▶ [Task to complete]
In the response, the entries must appear exactly as supplied.

▶ [Collected data entries]
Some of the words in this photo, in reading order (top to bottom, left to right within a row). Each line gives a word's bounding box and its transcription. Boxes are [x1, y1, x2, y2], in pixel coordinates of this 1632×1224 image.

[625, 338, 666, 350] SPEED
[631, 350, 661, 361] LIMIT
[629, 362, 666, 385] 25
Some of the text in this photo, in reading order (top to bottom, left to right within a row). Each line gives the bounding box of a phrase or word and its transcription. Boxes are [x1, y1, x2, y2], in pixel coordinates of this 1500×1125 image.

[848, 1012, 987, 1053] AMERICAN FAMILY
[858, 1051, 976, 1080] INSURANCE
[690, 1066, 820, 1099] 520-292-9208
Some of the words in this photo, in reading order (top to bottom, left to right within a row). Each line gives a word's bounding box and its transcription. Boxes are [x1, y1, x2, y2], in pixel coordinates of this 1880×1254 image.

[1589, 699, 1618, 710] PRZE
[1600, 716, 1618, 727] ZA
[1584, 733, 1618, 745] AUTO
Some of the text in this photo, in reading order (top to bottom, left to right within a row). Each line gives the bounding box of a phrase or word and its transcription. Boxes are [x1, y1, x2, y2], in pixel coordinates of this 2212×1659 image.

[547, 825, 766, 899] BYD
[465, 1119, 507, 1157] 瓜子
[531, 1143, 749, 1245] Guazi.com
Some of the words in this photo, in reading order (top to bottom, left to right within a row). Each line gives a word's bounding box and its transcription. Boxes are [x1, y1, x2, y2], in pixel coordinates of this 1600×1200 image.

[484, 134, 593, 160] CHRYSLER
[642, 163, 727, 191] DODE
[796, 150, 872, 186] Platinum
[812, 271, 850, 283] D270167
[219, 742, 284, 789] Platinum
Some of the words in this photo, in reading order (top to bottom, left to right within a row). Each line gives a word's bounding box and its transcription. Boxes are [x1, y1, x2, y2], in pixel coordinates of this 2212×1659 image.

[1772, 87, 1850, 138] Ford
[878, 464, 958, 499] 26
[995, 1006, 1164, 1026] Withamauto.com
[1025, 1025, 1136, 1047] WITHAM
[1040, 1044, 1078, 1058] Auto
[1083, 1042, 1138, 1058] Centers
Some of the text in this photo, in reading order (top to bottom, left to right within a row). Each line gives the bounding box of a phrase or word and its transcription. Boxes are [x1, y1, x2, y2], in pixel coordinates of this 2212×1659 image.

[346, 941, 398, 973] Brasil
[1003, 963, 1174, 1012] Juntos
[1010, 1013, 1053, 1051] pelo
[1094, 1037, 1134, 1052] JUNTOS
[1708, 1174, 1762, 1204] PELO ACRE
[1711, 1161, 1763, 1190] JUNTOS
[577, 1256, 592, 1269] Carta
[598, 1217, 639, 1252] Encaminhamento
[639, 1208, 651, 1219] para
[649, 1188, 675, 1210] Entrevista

▶ [Answer to this exercise]
Some of the words in this photo, in reading order (top to bottom, left to right within a row). Each line gives a word's bounding box and its transcription. Boxes are [x1, y1, x2, y2], in pixel coordinates of this 1632×1224 image.

[625, 338, 666, 350] SPEED
[631, 350, 661, 361] LIMIT
[629, 362, 666, 385] 25
Some of the text in this photo, in reading order (top to bottom, left to right within a row). Each line gives the bounding box of a phrase or word and its transcription. Boxes are [x1, y1, x2, y2], in pixel coordinates of this 1500×1125 image.

[848, 1012, 987, 1053] AMERICAN FAMILY
[858, 1051, 976, 1080] INSURANCE
[690, 1066, 820, 1099] 520-292-9208
Some of the words in this photo, in reading order (top to bottom, left to right within a row). Each line gives a word's bounding box and its transcription. Boxes are [x1, y1, x2, y2], in pixel coordinates of this 1880×1254 image.

[1589, 699, 1618, 710] PRZE
[1600, 716, 1618, 727] ZA
[1584, 733, 1618, 745] AUTO
Some of the text in this photo, in reading order (top to bottom, left to right within a row). Each line gives the bounding box of a phrase or word and its transcription. Boxes are [x1, y1, x2, y2], in pixel coordinates of this 2212×1659 image.

[547, 825, 766, 899] BYD
[465, 1119, 507, 1157] 瓜子
[531, 1143, 749, 1245] Guazi.com
Some of the words in this photo, in reading order (top to bottom, left to right within a row). Each line gives a word's bounding box and its transcription. Boxes are [x1, y1, x2, y2], in pixel coordinates of this 1600×1200 image.

[484, 134, 593, 160] CHRYSLER
[642, 163, 727, 191] DODE
[796, 150, 872, 186] Platinum
[812, 271, 850, 283] D270167
[219, 742, 284, 789] Platinum
Some of the words in this photo, in reading order (top to bottom, left to right within a row). Each line gives a word's bounding box and its transcription. Boxes are [x1, y1, x2, y2], in pixel coordinates of this 2212×1659 image.

[1772, 87, 1850, 138] Ford
[878, 464, 958, 499] 26
[995, 1006, 1164, 1026] Withamauto.com
[1025, 1025, 1136, 1047] WITHAM
[1040, 1044, 1078, 1058] Auto
[1083, 1042, 1138, 1058] Centers
Some of the text in this photo, in reading order (top to bottom, left to right within a row). Each line gives the bounding box of a phrase or word and its transcription. Boxes are [x1, y1, x2, y2], in pixel coordinates of this 2212×1659 image.

[346, 941, 398, 973] Brasil
[1003, 963, 1174, 1012] Juntos
[1010, 1013, 1053, 1051] pelo
[1094, 1037, 1134, 1052] JUNTOS
[1708, 1174, 1762, 1204] PELO ACRE
[1711, 1161, 1763, 1190] JUNTOS
[577, 1256, 592, 1269] Carta
[598, 1217, 639, 1252] Encaminhamento
[639, 1208, 651, 1219] para
[649, 1188, 675, 1210] Entrevista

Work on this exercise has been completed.